Monday, September 5, 2011

Book Reflections: The Book Whisperer

السلام عليكم ورحمة الله وبركاته

Written by a grade 6 teacher, the Book Whisperer explores how the author rejects conventional means of teaching children reading and comprehension. Instead of book reports, worksheets, comprehension tests, vocabulary lists and other common resources used to teach children reading, this teacher has developed her own unconventional method to teach children to love reading.

[Starred review] Miller, a sixth-grade language arts and social studies teacher and blogger, has enabled students of many different backgrounds to enjoy reading and to be good at it; her students regularly score high on the Texas standardized tests. Her approach is simple yet provocative: affirm the reader in every student, allow students to choose their own books, carve out extra reading time, model authentic reading behaviors, discard timeworn reading assignments such as book reports and comprehension worksheets, and develop a classroom library filled with high-interest books. Her students regularly read more than 40 books in a school year and leave her classroom with an appreciation and love of books and reading. Miller provides many tips for teachers and parents and includes a useful list of ultimate reading suggestions picked by her students. This outstanding contribution to the literature is highly recommended for teachers, parents, and others serving young students.—Mark Bay, Univ. of the Cumberlands Lib., Williamsburg, KY (Library Journal, March 15, 2009)
Many, many aspects of this book appealed to me. Among them, not requiring that an entire class be reading the exact same book and be on the same page at the exact same time in the school year (i.e. class novel studies). Novel studies are very common in classrooms but I found myself agreeing with the author that perhaps many students simply do not enjoy novel studies and the teacher finds herself forcing the children to read the book or trying means of enticing them to finish the book (i.e. rewards or punishment) but in the end, after the test on the novel, many students do not remember a thing about the book and/or they find themselves loathing the idea of reading (or do some teachers successfully conduct novel studies without students bemoaning the process and actually becoming students who love to read?). By allowing students to choose what books they read based on what interests them, students will want to read and will read...many times voraciously.  Here, I must clarify that the author does not advocated allowing children to read anything and everything they want but she does advocate giving them an appropriate selection of books from many genres from which they can choose the book they would like to read. This, in principal, cannot be applied in its totality in Islamic schools or homes due to the fact that the genre of fantasy for example, almost always includes magic, shirk, etc. Children must also read things that perhaps they would not choose simply because it is good for them in dunya and al-akhira. The Quraan for example, is a book that we must encourage and require our children to read and the authentic ahadith as well. Books of knowledge from the scholars of Islaam are also books that our children must be encouraged and required to read. Allaah says: 

وَعَسَىٰ أَن تَكْرَهُوا شَيْئًا وَهُوَ خَيْرٌ لَّكُمْ ۖ وَعَسَىٰ أَن تُحِبُّوا شَيْئًا وَهُوَ شَرٌّ لَّكُمْ ۗ وَاللَّهُ يَعْلَمُ وَأَنتُمْ لَا تَعْلَمُونَ

...and it may be that you dislike a thing which is good for you and that you like a thing which is bad for you. Allah knows but you do not know. 
{  سورة البقرة  , Al-Baqara, ayat 216}

Aside from the aforementioned point, I found myself agreeing with several ideas of the author but then found myself a bit dismayed. One of the first questions that arose from my reading was "Given the fact that many, many, many of the books available on the market today are simply unislamic we cannot allow our children to read them. So with this disappointingly limited amount of Islamically appropriate books on the market, how will Muslim children have a vast (well, okay large) selection of books to choose from? Because of this limited number of Islamically appropriate books (from grade 2 and up it seems...waallaahu a'lam) will Muslim teachers find themselves falling back on the novel studies time and time again because there are not enough Islamically appropriate books available for our students to self-select the books they will read? How will Muslim teachers help their students develop into individuals who love to read?

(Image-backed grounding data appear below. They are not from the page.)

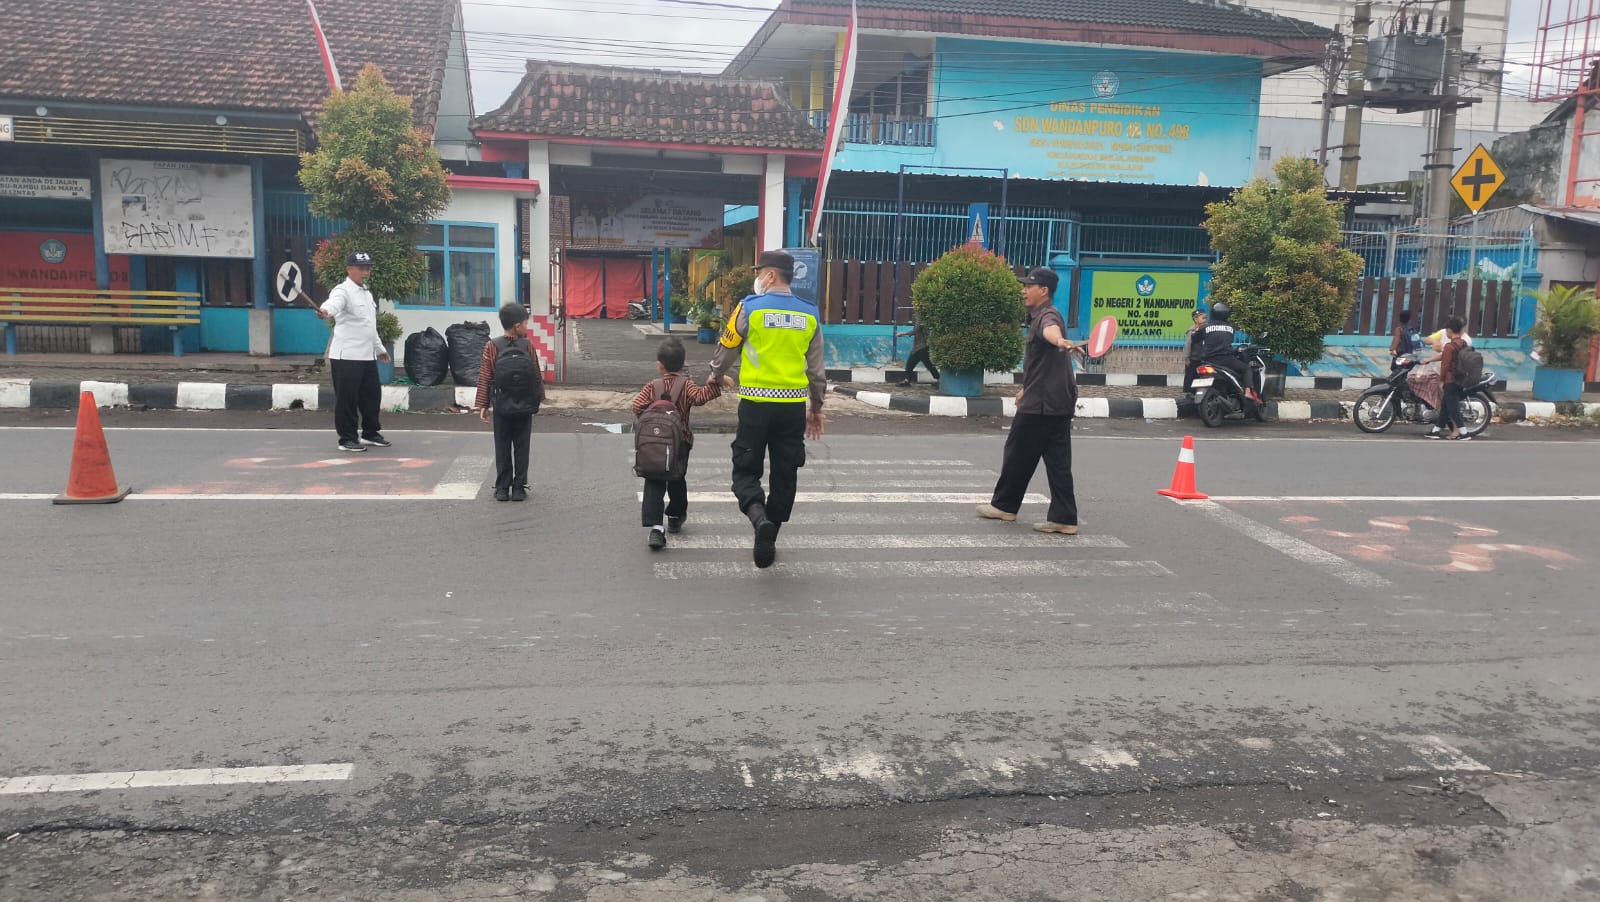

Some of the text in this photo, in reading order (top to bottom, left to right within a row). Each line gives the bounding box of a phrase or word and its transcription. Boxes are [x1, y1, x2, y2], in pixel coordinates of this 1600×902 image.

[1050, 101, 1161, 116] DINAS PENDIDIKAN
[1015, 117, 1038, 133] SDN
[1042, 118, 1122, 137] WANDANPURO
[1094, 298, 1195, 309] SD NEGERI 2 WANDANPURO
[1127, 310, 1159, 318] NO. 498
[764, 313, 807, 329] POLISI
[1122, 328, 1161, 336] MALANG
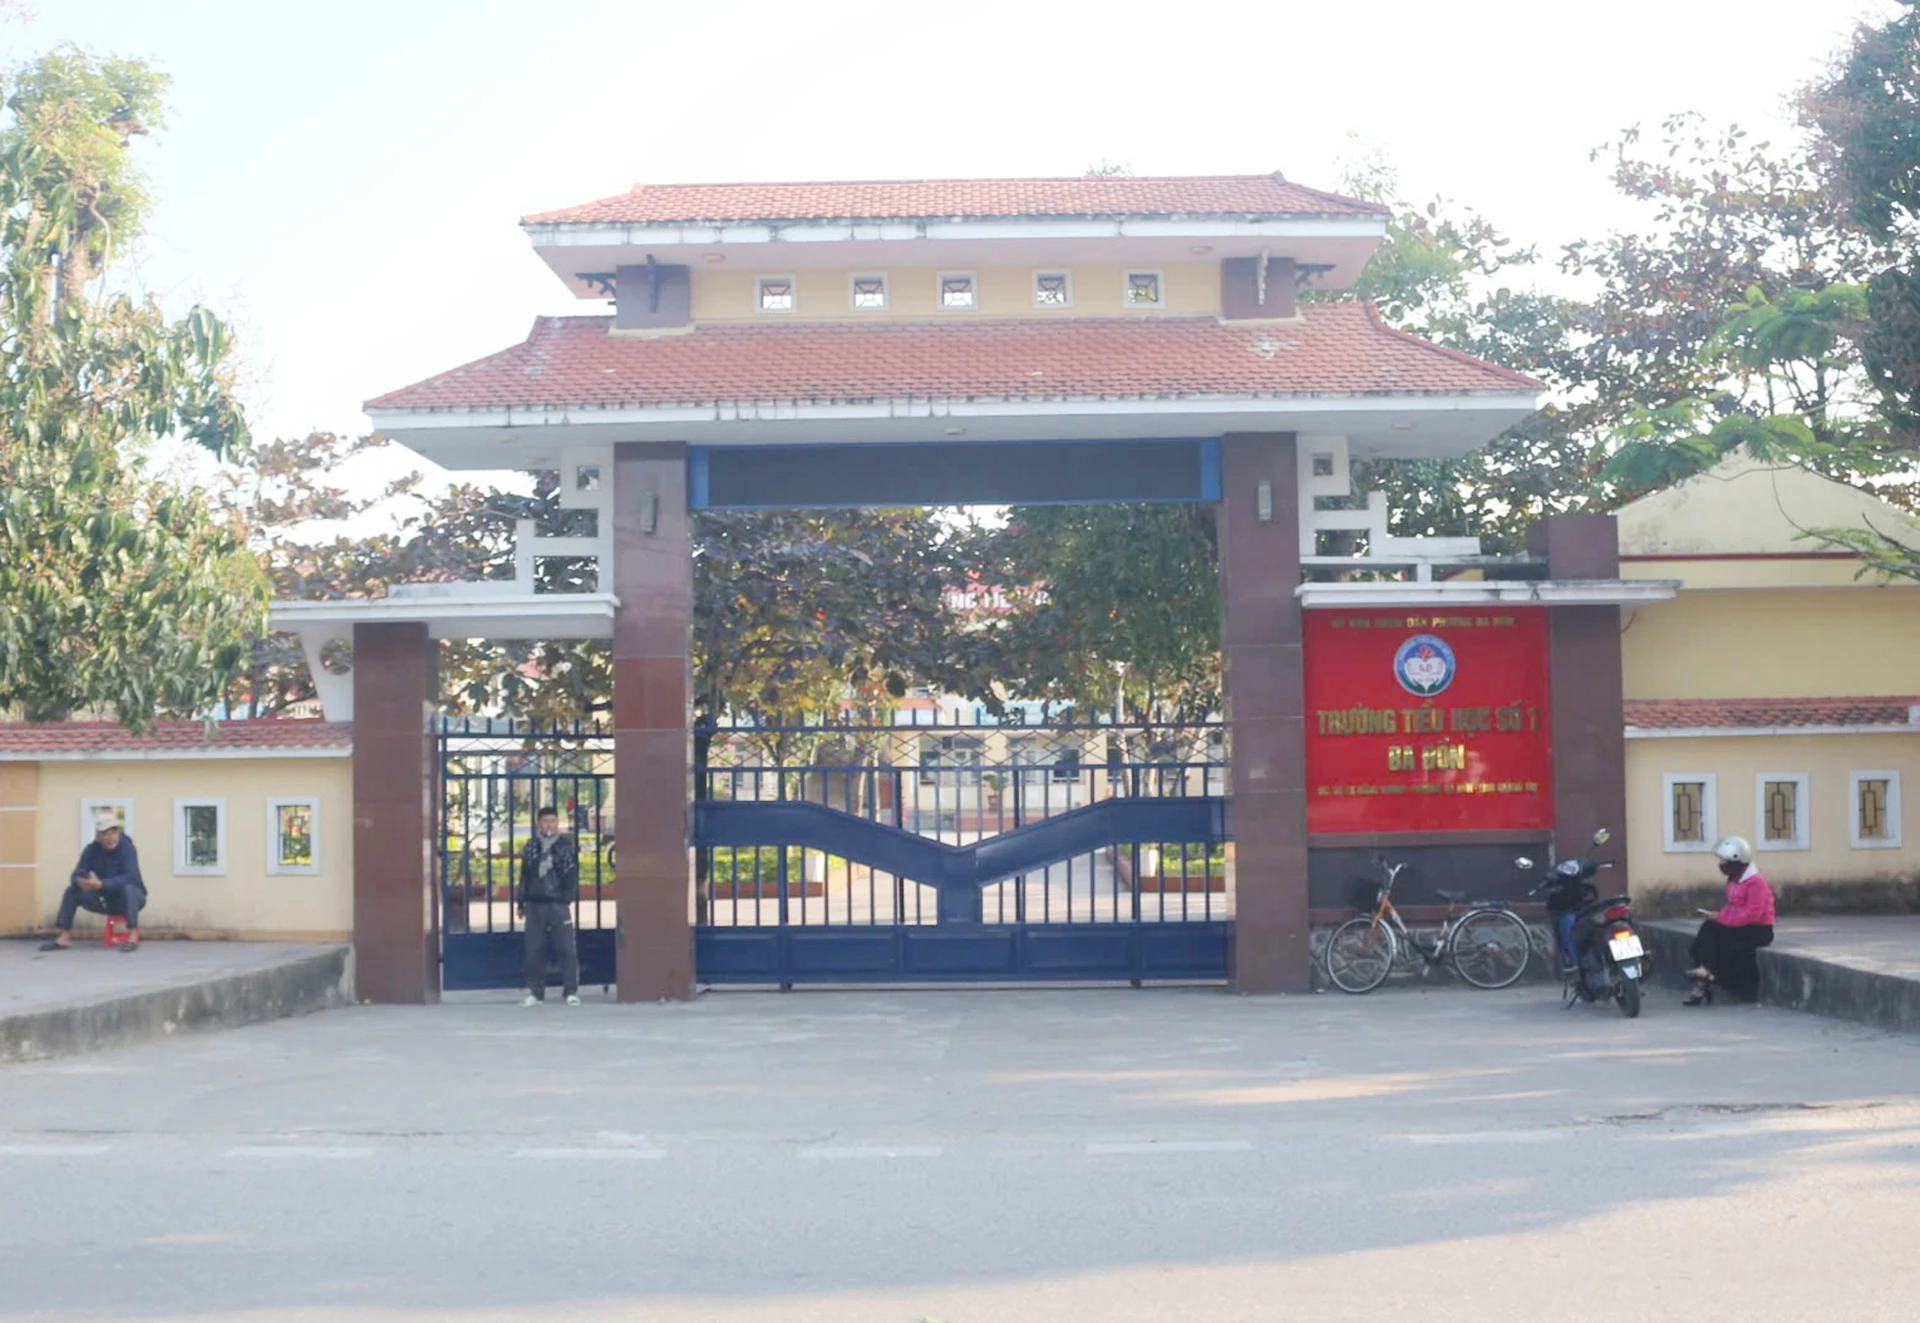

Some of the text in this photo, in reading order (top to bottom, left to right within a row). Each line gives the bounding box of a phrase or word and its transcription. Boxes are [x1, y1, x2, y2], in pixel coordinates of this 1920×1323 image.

As teachers and parents we are obligated to refuse certain literature/genres due to the unislamic content but we also do want to develop our children's love of reading. How do we do this without extinguishing the joy of learning? 

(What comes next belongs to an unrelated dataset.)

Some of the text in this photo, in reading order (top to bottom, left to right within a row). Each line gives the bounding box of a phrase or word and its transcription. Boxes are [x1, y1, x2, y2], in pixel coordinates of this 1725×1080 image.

I have touched on very little of what The Book Whisperer contains (the book is about much more than just novel studies and why she rejects them) and what the author advocates and denounces. Perhaps you will wish to read the book and decide for yourself. 

And of your students/children? What methods do you use to develop their love of reading? If you teach or homeschool, what are your opinions of novel studies? Do you use the commercially available novel study packs? How do your students/children respond to them? Do you allow your students/children to self-select what they will read? The author requires her students to read 40 books (from many genres) throughout the school year, do you have a requirement for your students/children? If so, what is your requirement? How do you determine it?